(Beginning of MATERIAL TO PROCESS)

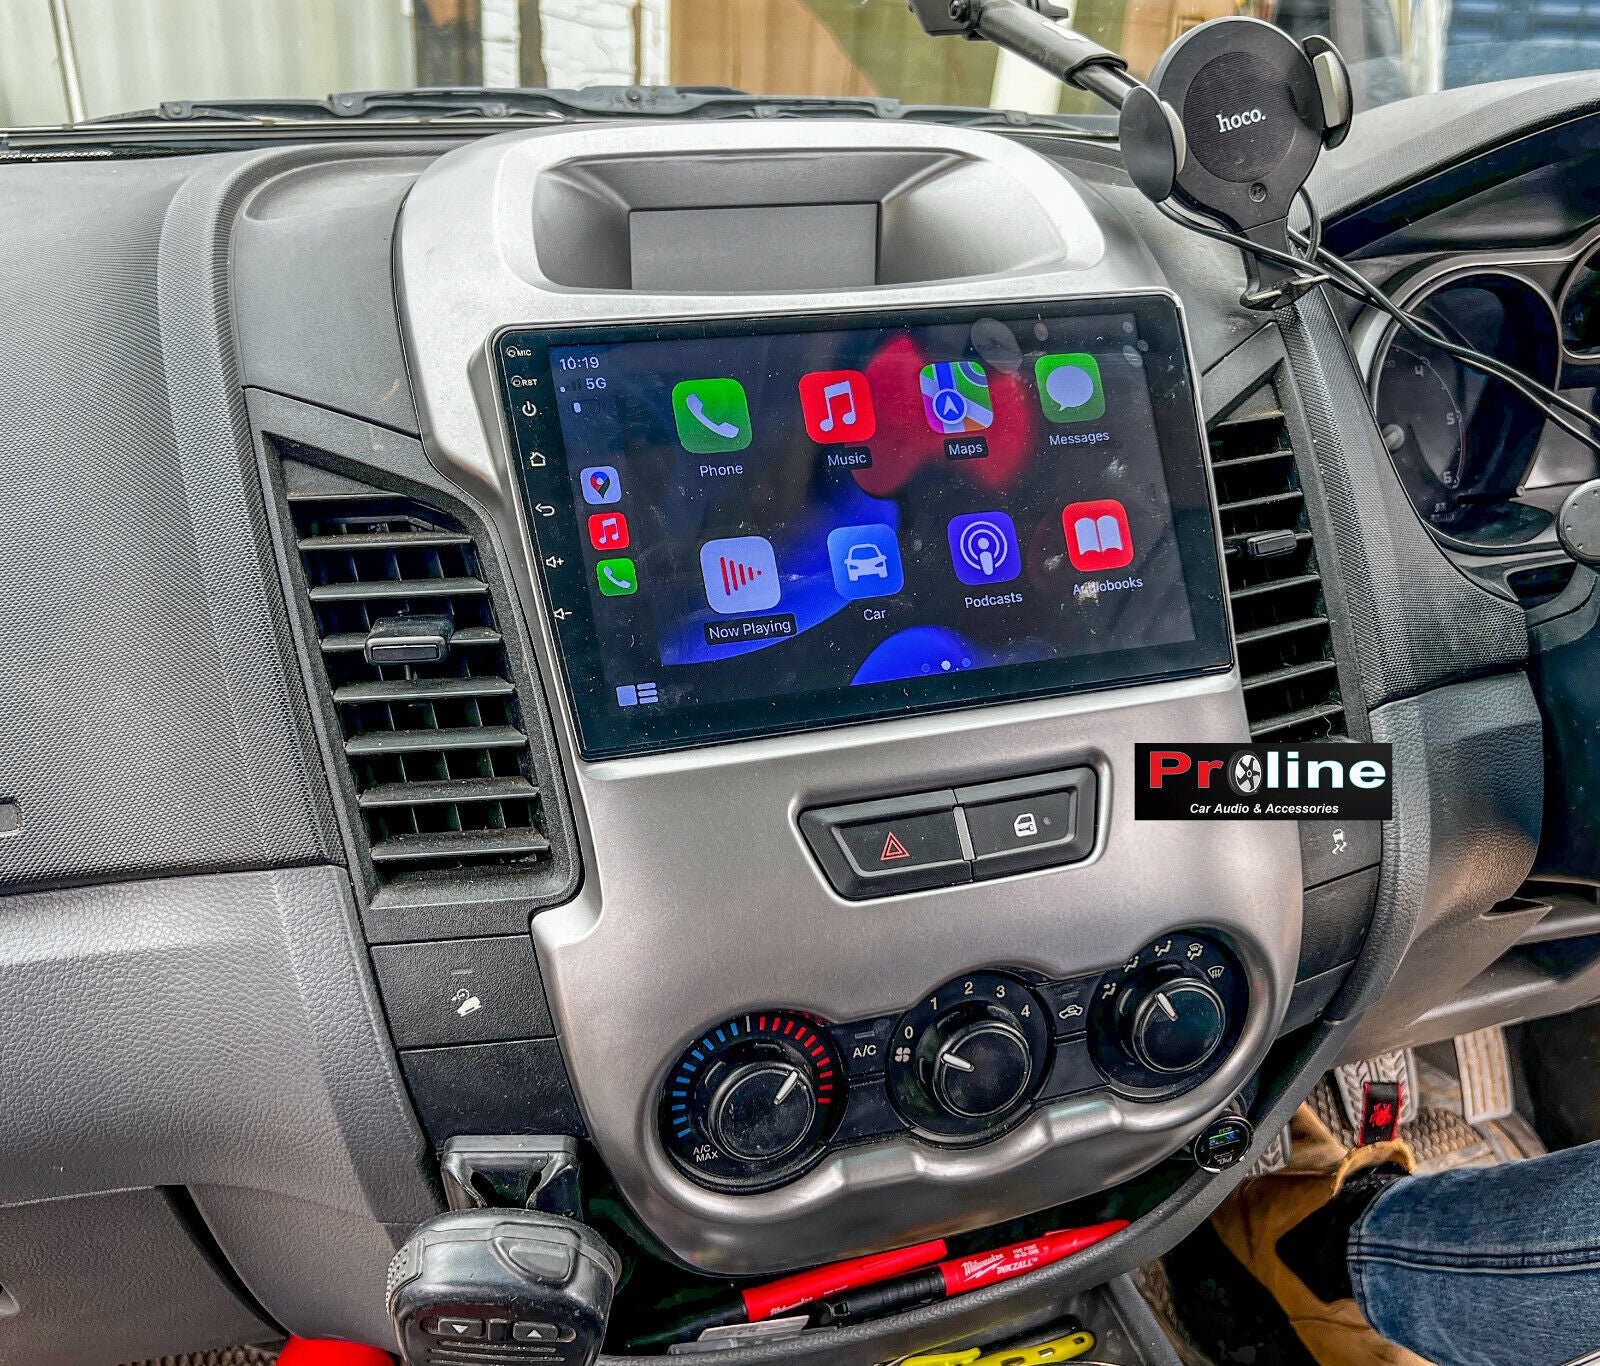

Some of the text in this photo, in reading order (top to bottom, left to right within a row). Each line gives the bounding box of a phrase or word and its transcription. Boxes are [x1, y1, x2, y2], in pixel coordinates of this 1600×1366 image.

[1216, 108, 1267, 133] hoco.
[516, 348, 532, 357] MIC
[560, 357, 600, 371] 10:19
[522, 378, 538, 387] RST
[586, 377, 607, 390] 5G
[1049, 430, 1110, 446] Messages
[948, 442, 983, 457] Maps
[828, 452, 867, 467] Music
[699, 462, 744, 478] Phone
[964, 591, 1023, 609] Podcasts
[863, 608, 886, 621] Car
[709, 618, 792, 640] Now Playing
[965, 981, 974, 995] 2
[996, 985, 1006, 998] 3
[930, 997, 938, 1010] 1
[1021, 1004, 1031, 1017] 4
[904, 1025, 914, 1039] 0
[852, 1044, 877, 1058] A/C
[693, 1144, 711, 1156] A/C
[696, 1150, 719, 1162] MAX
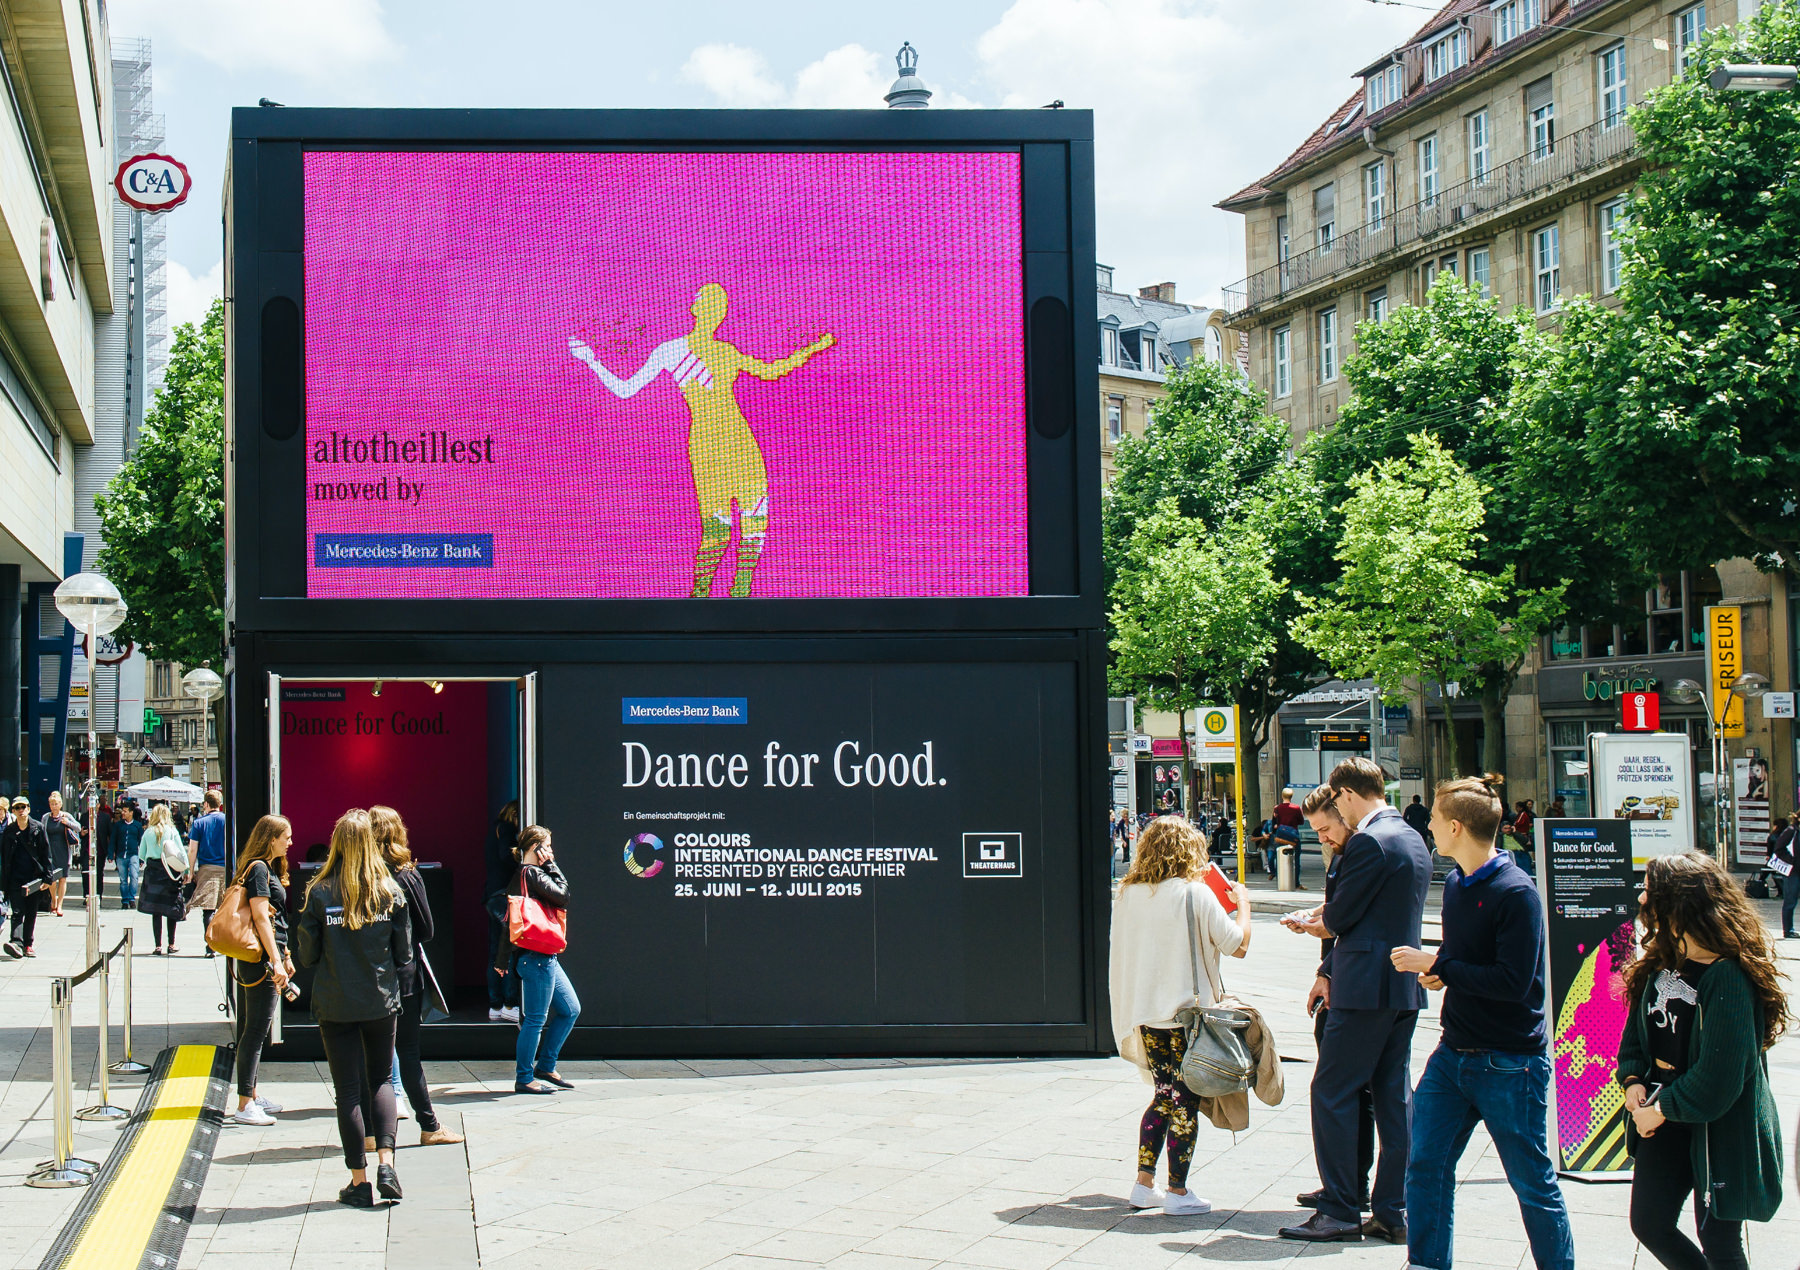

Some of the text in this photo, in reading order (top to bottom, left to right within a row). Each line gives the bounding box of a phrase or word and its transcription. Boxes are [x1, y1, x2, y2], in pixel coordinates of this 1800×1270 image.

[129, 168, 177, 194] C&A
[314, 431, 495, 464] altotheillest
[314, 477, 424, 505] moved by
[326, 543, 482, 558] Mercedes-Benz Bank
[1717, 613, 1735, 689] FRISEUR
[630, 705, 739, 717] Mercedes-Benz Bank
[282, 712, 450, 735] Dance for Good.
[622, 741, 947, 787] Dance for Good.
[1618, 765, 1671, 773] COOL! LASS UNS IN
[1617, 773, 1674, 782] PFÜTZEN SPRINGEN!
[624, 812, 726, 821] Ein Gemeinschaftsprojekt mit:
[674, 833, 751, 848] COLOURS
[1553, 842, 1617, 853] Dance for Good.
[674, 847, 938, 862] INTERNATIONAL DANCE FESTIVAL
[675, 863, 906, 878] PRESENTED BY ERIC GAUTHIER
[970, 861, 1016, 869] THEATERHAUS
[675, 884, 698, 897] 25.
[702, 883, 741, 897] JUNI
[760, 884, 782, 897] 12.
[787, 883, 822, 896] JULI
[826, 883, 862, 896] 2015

(End of MATERIAL TO PROCESS)

• _WHAT NEEDS TO BE DONE_: Set down the material above exactly as written, but not the pictures.

• _ANSWER BOX_:
Some of the text in this photo, in reading order (top to bottom, left to right within a row). Each line gives the bounding box of a phrase or word and its transcription. Boxes are [x1, y1, x2, y2], in pixel coordinates of this 1600×1366 image.

[1216, 108, 1267, 133] hoco.
[516, 348, 532, 357] MIC
[560, 357, 600, 371] 10:19
[522, 378, 538, 387] RST
[586, 377, 607, 390] 5G
[1049, 430, 1110, 446] Messages
[948, 442, 983, 457] Maps
[828, 452, 867, 467] Music
[699, 462, 744, 478] Phone
[964, 591, 1023, 609] Podcasts
[863, 608, 886, 621] Car
[709, 618, 792, 640] Now Playing
[965, 981, 974, 995] 2
[996, 985, 1006, 998] 3
[930, 997, 938, 1010] 1
[1021, 1004, 1031, 1017] 4
[904, 1025, 914, 1039] 0
[852, 1044, 877, 1058] A/C
[693, 1144, 711, 1156] A/C
[696, 1150, 719, 1162] MAX

Some of the text in this photo, in reading order (top to bottom, left to right within a row). Each line gives the bounding box of a phrase or word and its transcription. Boxes are [x1, y1, x2, y2], in pixel coordinates of this 1800×1270 image.

[129, 168, 177, 194] C&A
[314, 431, 495, 464] altotheillest
[314, 477, 424, 505] moved by
[326, 543, 482, 558] Mercedes-Benz Bank
[1717, 613, 1735, 689] FRISEUR
[630, 705, 739, 717] Mercedes-Benz Bank
[282, 712, 450, 735] Dance for Good.
[622, 741, 947, 787] Dance for Good.
[1618, 765, 1671, 773] COOL! LASS UNS IN
[1617, 773, 1674, 782] PFÜTZEN SPRINGEN!
[624, 812, 726, 821] Ein Gemeinschaftsprojekt mit:
[674, 833, 751, 848] COLOURS
[1553, 842, 1617, 853] Dance for Good.
[674, 847, 938, 862] INTERNATIONAL DANCE FESTIVAL
[675, 863, 906, 878] PRESENTED BY ERIC GAUTHIER
[970, 861, 1016, 869] THEATERHAUS
[675, 884, 698, 897] 25.
[702, 883, 741, 897] JUNI
[760, 884, 782, 897] 12.
[787, 883, 822, 896] JULI
[826, 883, 862, 896] 2015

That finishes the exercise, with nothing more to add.